What are churches doing on inequality?

An Afghan child Hedayat guides traffic with a plastic bottle through The Mahipar Gorge along the Kabul-Jalalabad Highway on February 4,2016. Hedayat, 8, guides traffic with his bottle from dawn to dusk on the highway, making roughly 3 USD daily. Poverty and insecurity has forced thousands of children into child labour in Afghanistan. PHOTO | AFP

What you need to know:

  • According to the aid agency Oxfam, the richest 62 people in the world are as wealthy as half the world’s population put together, which is 3.6 billion.
  • This inequality is unacceptable and outrageous but how does one respond? For many people religion is an escape rather than inspiration.
  • Oxfam report states that 30 percent of all African financial wealth is held in offshore accounts.

We live in a very unfair and unequal world. According to the aid agency Oxfam, the richest 62 people in the world are as wealthy as half the world’s population put together, which is 3.6 billion.

Put another way, 1 percent of the world own more than the other 99 percent combined. That makes shocking reading, but worse still is that the wealth of the poorest 50 percent in the planet dropped by 41 percent in the past five years.

Moreover, there is no sign of a reversal in these trends. Global economists will be challenged by those statistics. But for believers, the question is how one can speak about God in the light of horrific suffering, premature deaths and endemic poverty.

This inequality is unacceptable and outrageous but how does one respond?
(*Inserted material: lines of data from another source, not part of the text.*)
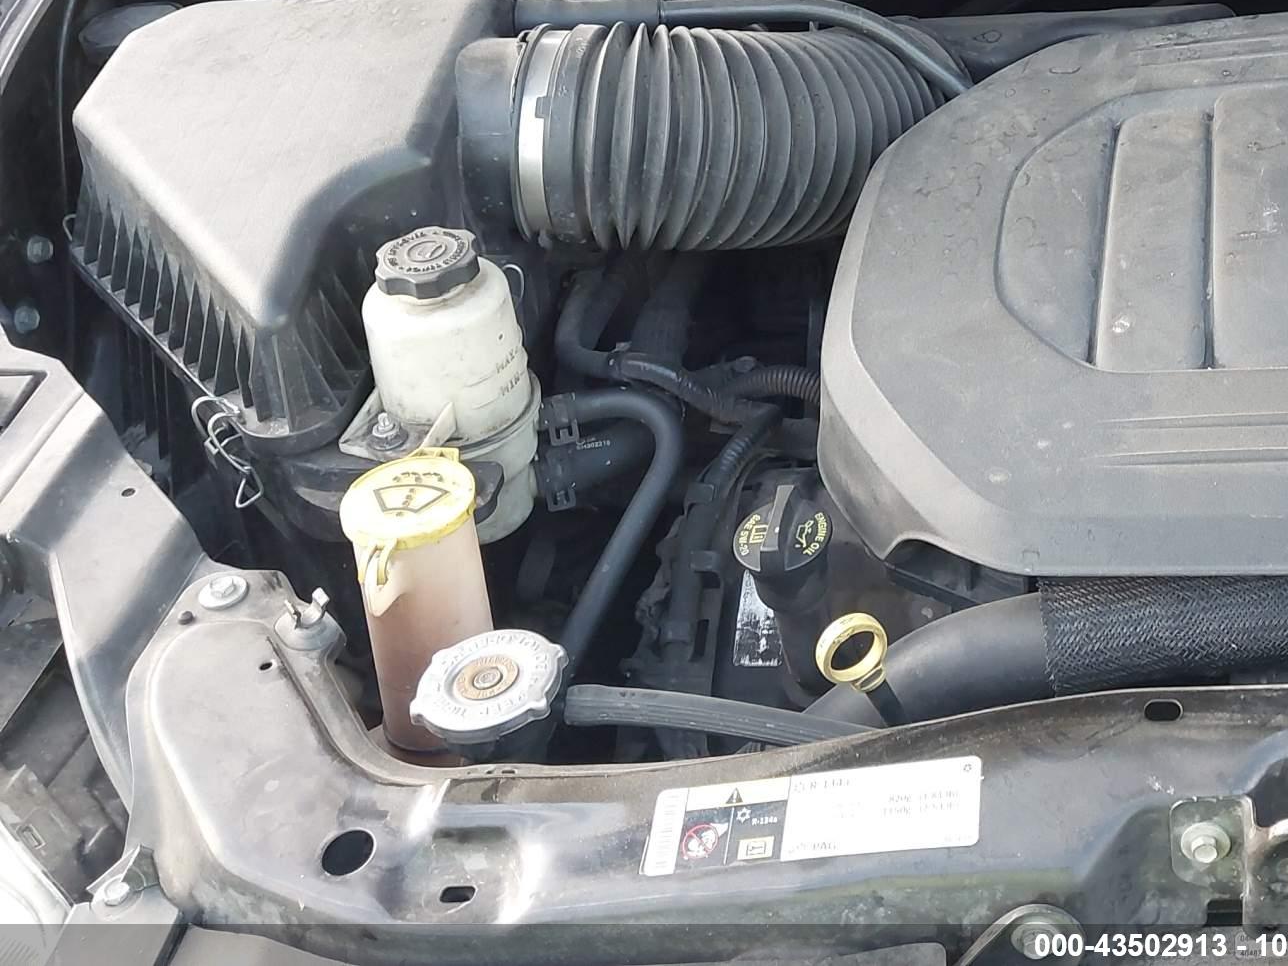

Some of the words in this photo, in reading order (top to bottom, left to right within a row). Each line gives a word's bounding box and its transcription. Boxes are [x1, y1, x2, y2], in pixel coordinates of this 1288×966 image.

[496, 347, 516, 374] MAX
[500, 371, 521, 397] MIN
[743, 513, 761, 534] SAE
[814, 511, 828, 543] ENGINE
[738, 530, 750, 556] 5W-20
[802, 541, 820, 557] OIL
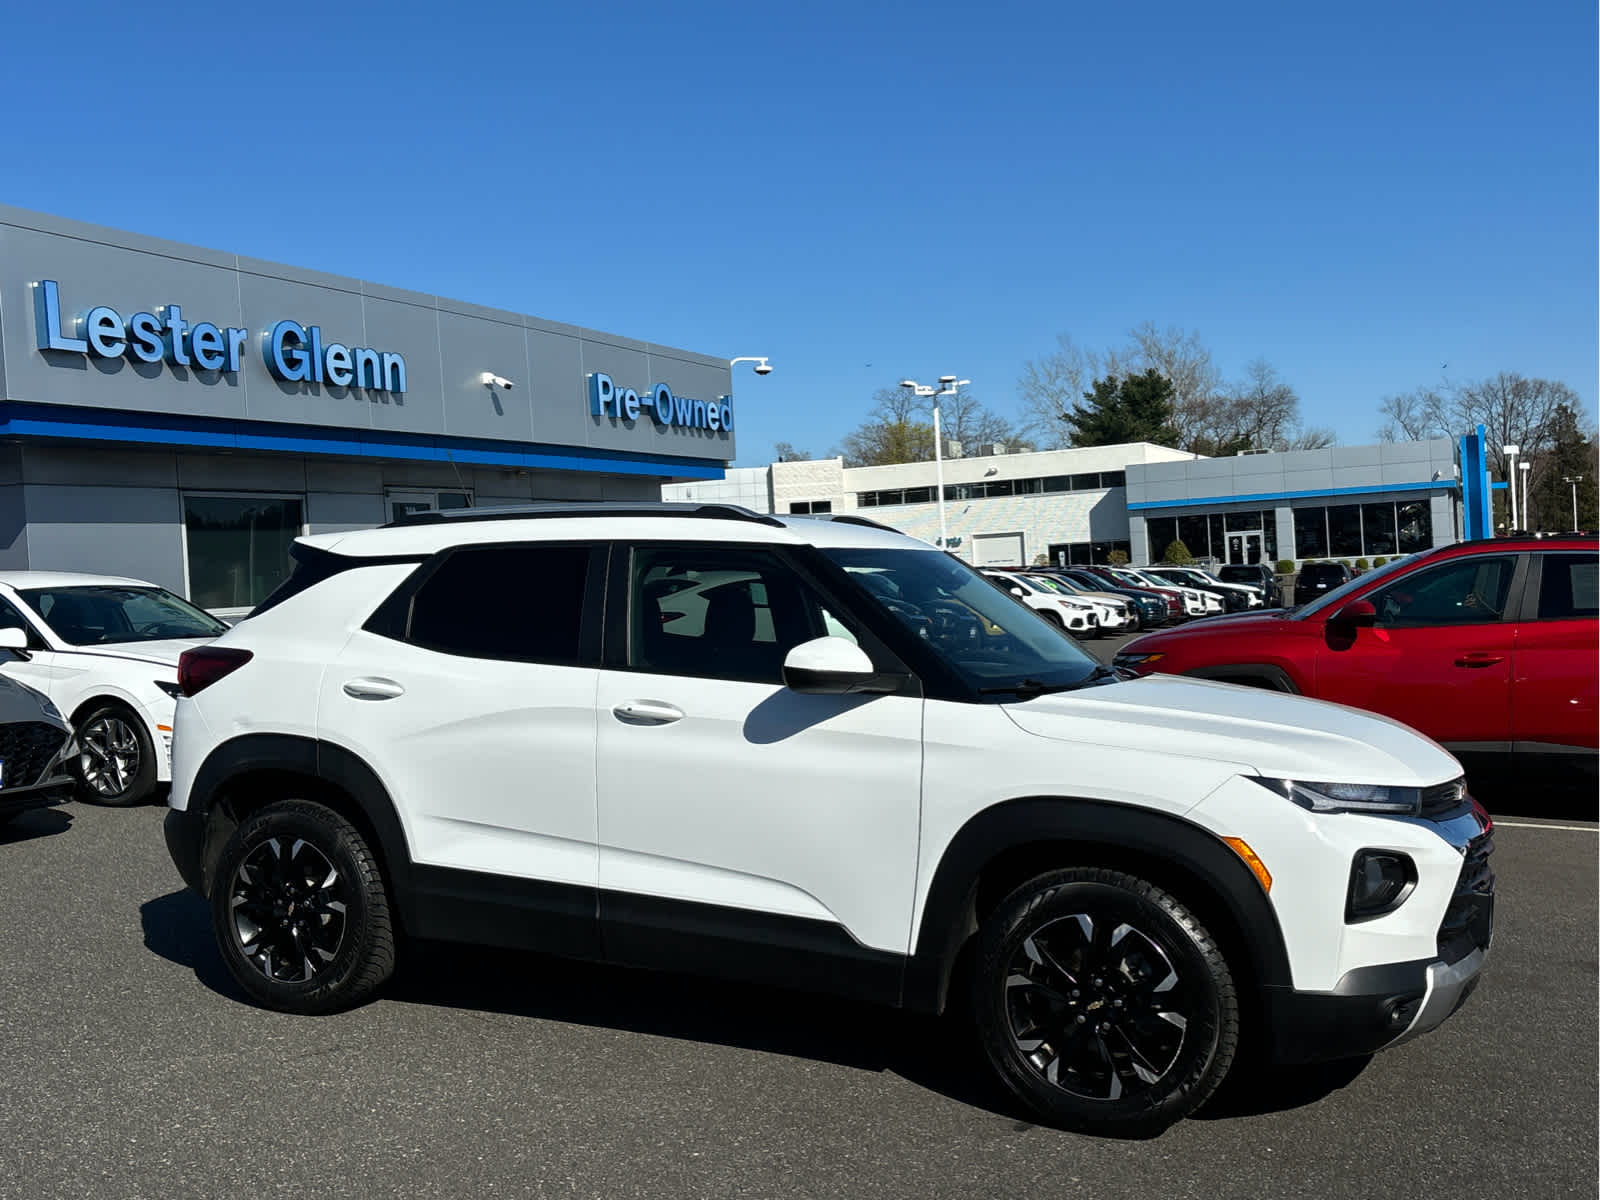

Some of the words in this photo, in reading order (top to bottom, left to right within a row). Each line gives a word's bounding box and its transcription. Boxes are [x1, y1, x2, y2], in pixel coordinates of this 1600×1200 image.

[34, 279, 248, 373] Lester
[264, 319, 408, 394] Glenn
[589, 372, 733, 433] Pre-Owned
For many people religion is an escape rather than inspiration.

The gospel of prosperity is a mere clamour for material blessings and religion just one more commodity for sale in the market. Millions yearn for success without work, prayer without social commitment and preaching without any demands.
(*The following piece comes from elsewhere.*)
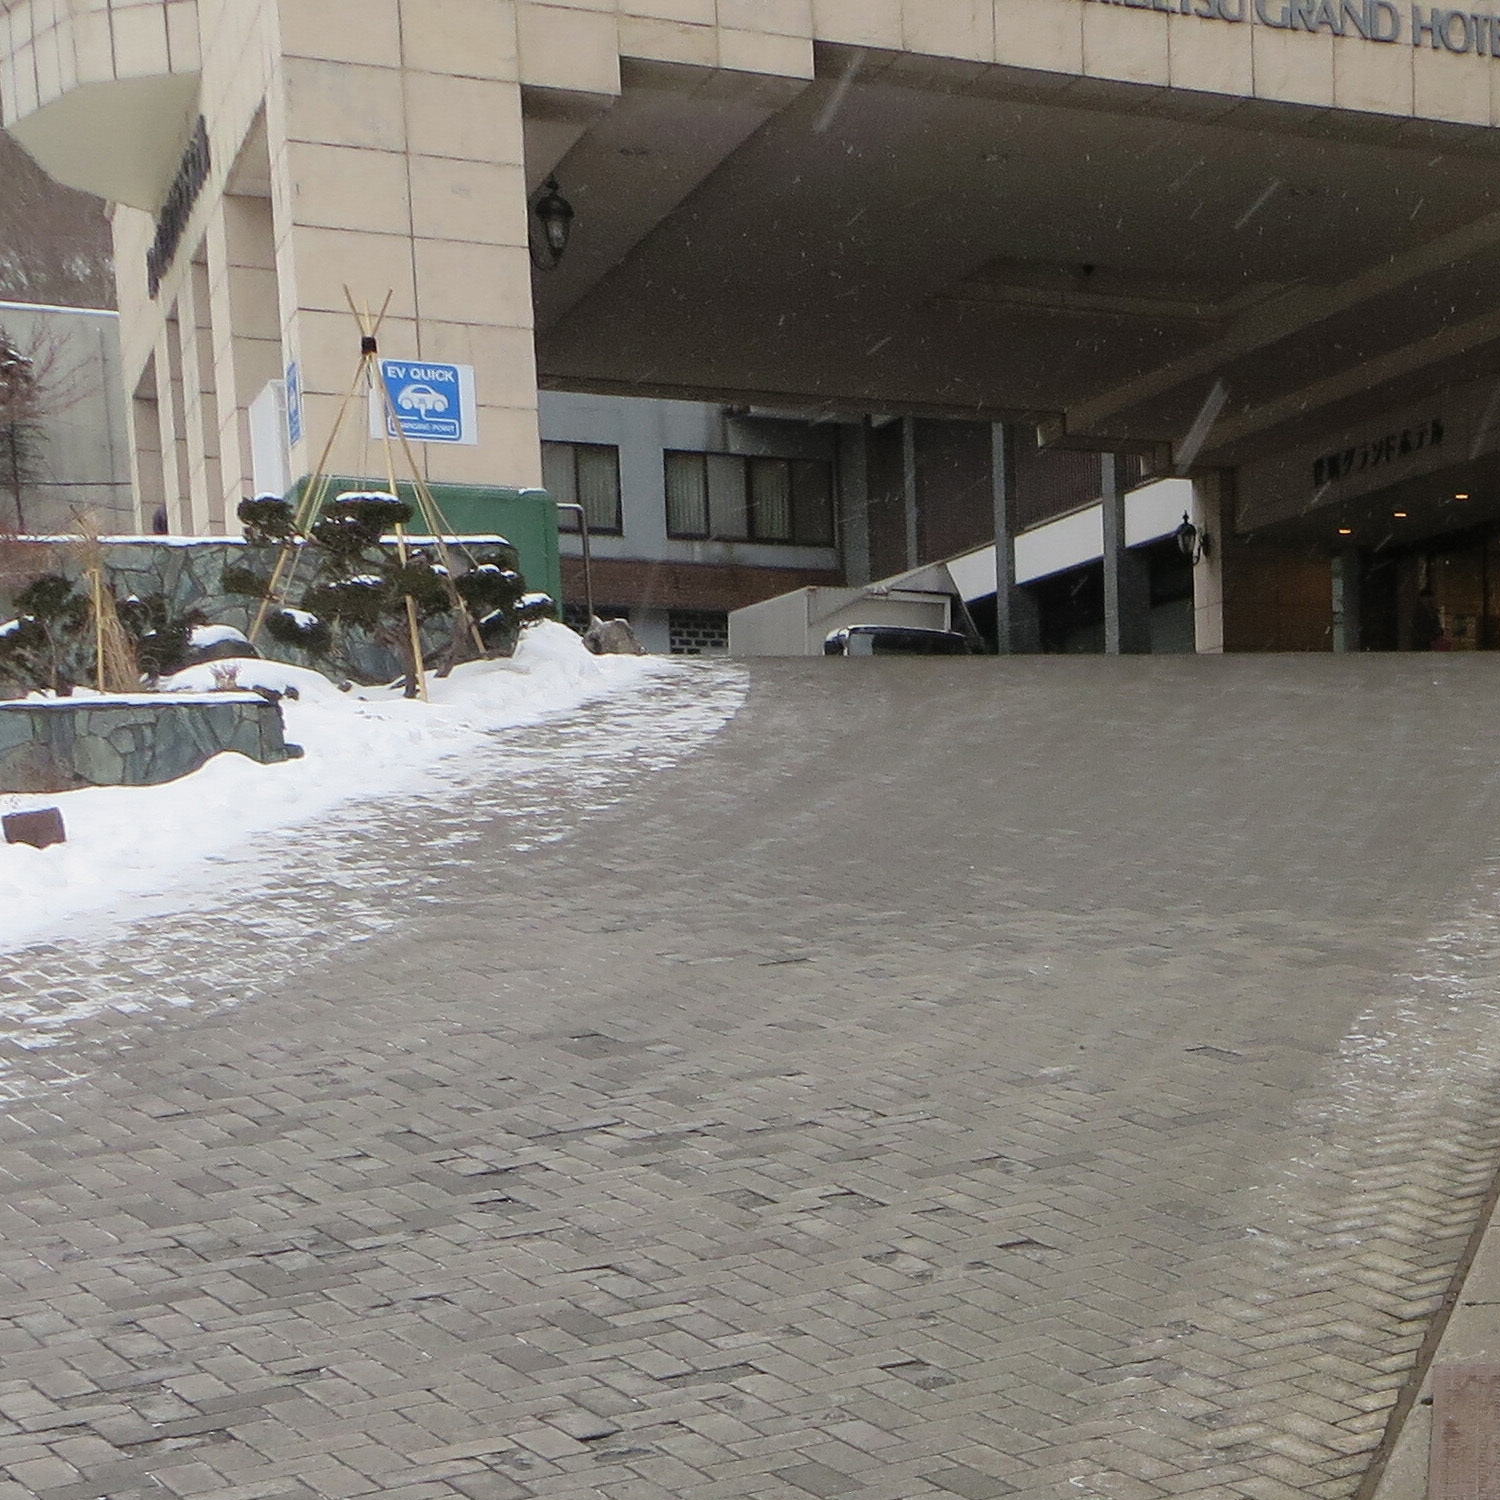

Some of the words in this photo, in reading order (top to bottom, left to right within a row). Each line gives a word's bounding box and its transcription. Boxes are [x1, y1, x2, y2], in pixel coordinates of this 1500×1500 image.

[1255, 0, 1400, 43] GRAND
[387, 366, 406, 379] EV
[410, 368, 455, 383] QUICK
Yet, theologians in Latin America delved deeper into scripture and tradition to uncover what God was saying in the midst of such suffering and injustice.

SOCIAL TRANSFORMATION

They rediscovered a God of life, concerned with our holistic development; a liberator who chose to take the side of the poor, beginning with the call of Moses. A Theology of Liberation endeavoured to show that God seeks to lead his people from oppression and dependence into life in all its fullness.

Liberation goes beyond reform and development and demands a complete social transformation of society, whereby the poor are given priority and a voice. Yet, poverty and corruption go hand in hand in this continent.

The Oxfam report states that 30 percent of all African financial wealth is held in offshore accounts. That is $7.6 billion and the tax revenue from that each year is enough to provide trained teachers for every child on the continent.

We have become immune to corruption and have settled for a less than healthy relationship with the state. Pope Francis says that corruption is a system, a mental habit, a condition feeling no need to change or regret.

He wrote that after his recent visit. He says the corrupt person has no shame but justifies his behaviour without apology.

DISH OUT MILLIONS

That repulsive condition is reflected in the manner politicians dish out millions every weekend and clerics joyfully receive without questioning its source. Mr Kenyatta recently said that some religious leaders should be in Kamiti Prison. He has a point but they should be joined there by politicians who corrupt religion for their own survival through prayer rallies and fundraisers.

The only difference between fraudulent churches and fraudulent politicians is the manner in which they dress.

Yet as long as over one billion people live in poverty there is need for liberation theology. When more than 20 million Kenyans cannot afford three meals a day nor provide a decent education for their children, then religious leaders should not remain silent.

Churches were not established to be self-serving but to be a light to the world. Where are the thinkers and liberators of today?